Lastly, you'll want to keep track of deadlines of when you're eligible to sign-up for different health insurance plans. Employers typically have an open enrollment period each year where individuals have a few months to sign up for health insurance for the first time or to change their plan.
If you don't have employer-sponsored health insurance, the ACA also has an open enrollment period which is open until Jan. 15, 2022 through healthcare.gov. (Note: Some states have their own marketplaces, so you'll have to enroll using the specific state's website.)
If it's your first time navigating the ACA, you can receive impartial assistance through an "assister" or "healthcare navigator" who helps individuals review their health insurance options and complete forms. You can find assisters near you through the healthcare.gov website.

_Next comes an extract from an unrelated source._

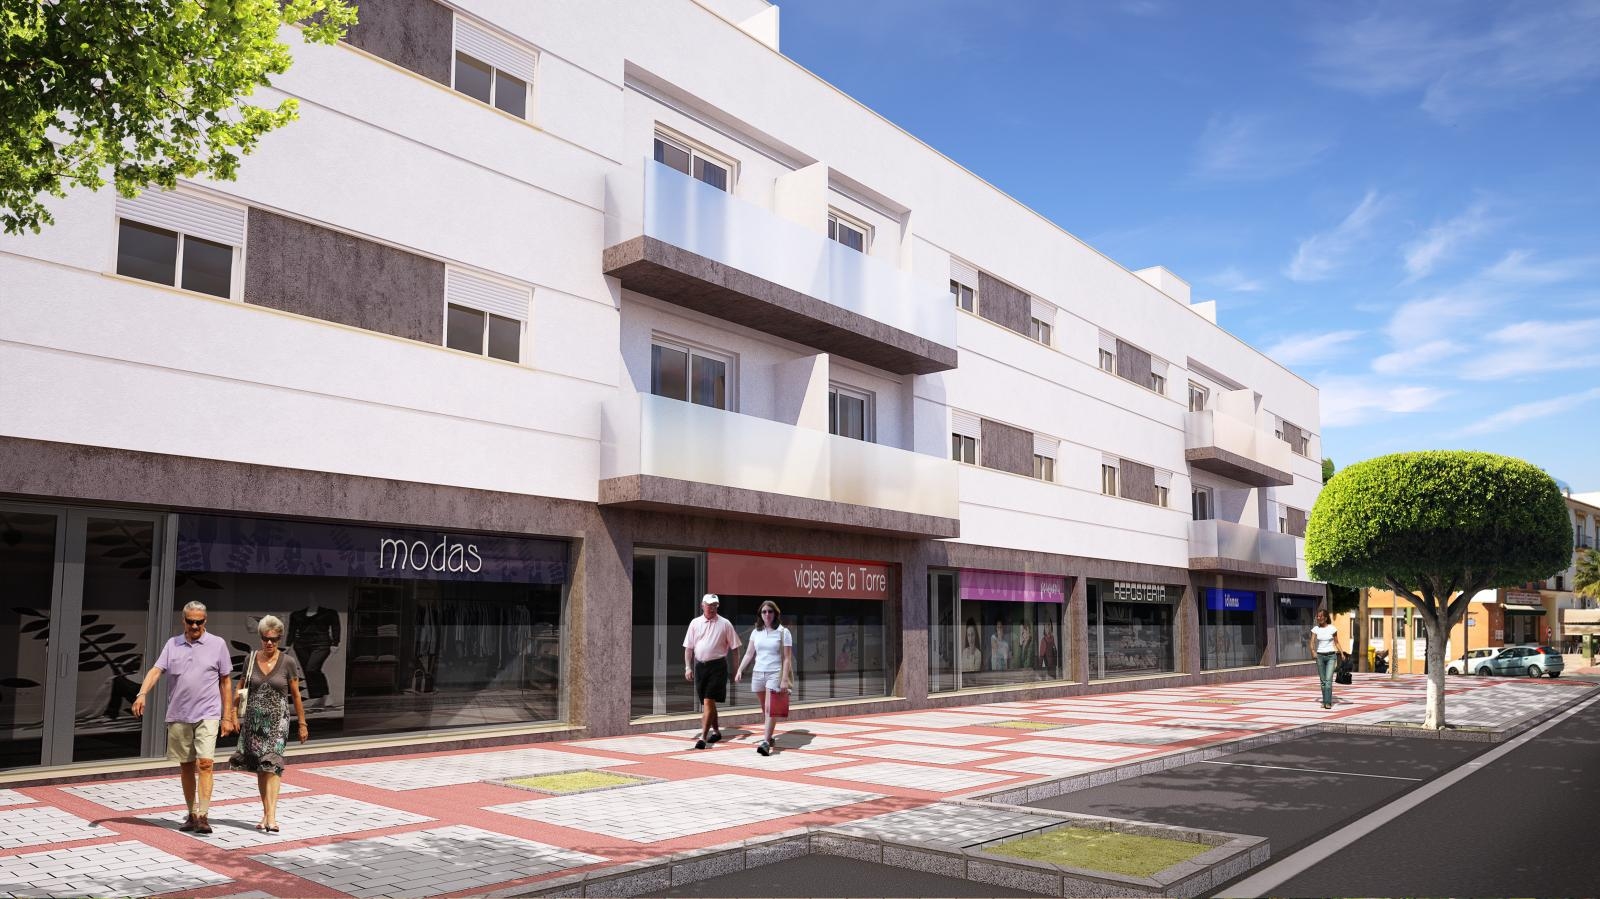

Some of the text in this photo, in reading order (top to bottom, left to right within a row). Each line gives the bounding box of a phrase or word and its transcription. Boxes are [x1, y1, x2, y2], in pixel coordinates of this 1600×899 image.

[380, 535, 482, 573] modas
[794, 563, 886, 594] viajes de la Torre

Health insurance is confusing and complicated for most people but understanding the basics of health insurance can go a long way in helping you save money on your medical expenses.
For people choosing between staying on their parent's plan or opting for a new plan, it's important to understand how your medical conditions may influence your monthly premiums and the value of your deductible, which hospitals or doctors are considered in-network and out-of-network and how the number of dependents on a family insurance plan affects the cost of it.
If you do decide to stay on your parents' plan, you might want to offer to chip in to help cover some of the monthly costs, especially if they are charged more for having an adult child on their plan and you have a full-time job.